High levels of unemployment are set to continue

Over five years have passed since the onset of the global financial and economic crisis and yet unemployment still remains high in many OECD countries. In April 2013, there were over 48 million people out of work, representing an unemployment rate of 8.0%, only half a percentage point below the crisis peak of 8.5%. But there are big variations between countries: unemployment is close to or below 5% in five OECD countries, but exceeds 25% in two others (Greece and Spain). Looking ahead, the OECD projects little change in unemployment for the OECD area through to the end of 2014, with a projected rise by at least a percentage point in six European countries offset by a fall by half a percentage point or more in five other OECD countries.

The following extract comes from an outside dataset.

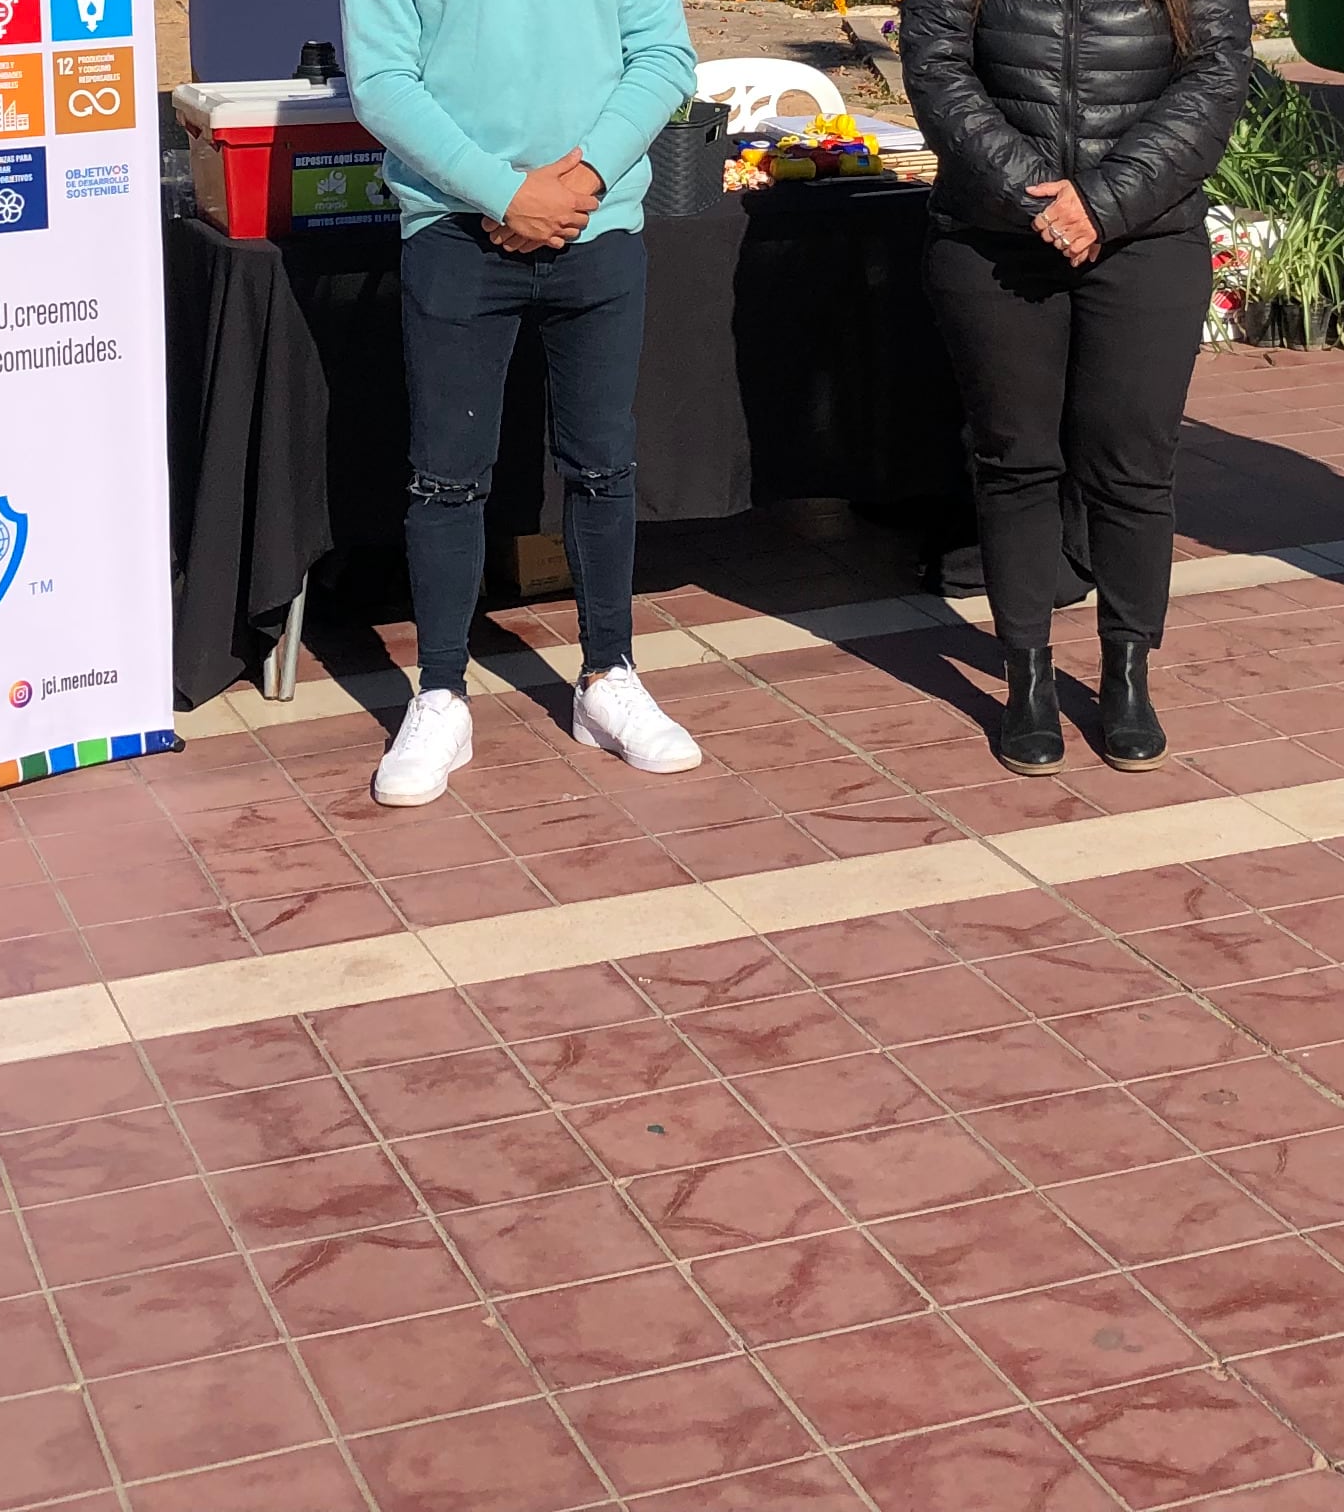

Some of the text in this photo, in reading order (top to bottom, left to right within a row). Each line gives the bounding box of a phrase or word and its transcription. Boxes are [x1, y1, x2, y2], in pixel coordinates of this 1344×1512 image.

Older workers are faring relatively well

Certain groups, most notably low‑skilled young men, are doing particularly poorly in the labour market. By contrast, older workers have weathered the crisis better than in previous deep recessions. A number of factors are at work and appear to predate the crisis: among them is a trend among older workers to retire at a later age, in part because they are better educated and healthier than previous generations. The closure or tightening of access to early retirement schemes has also played a role.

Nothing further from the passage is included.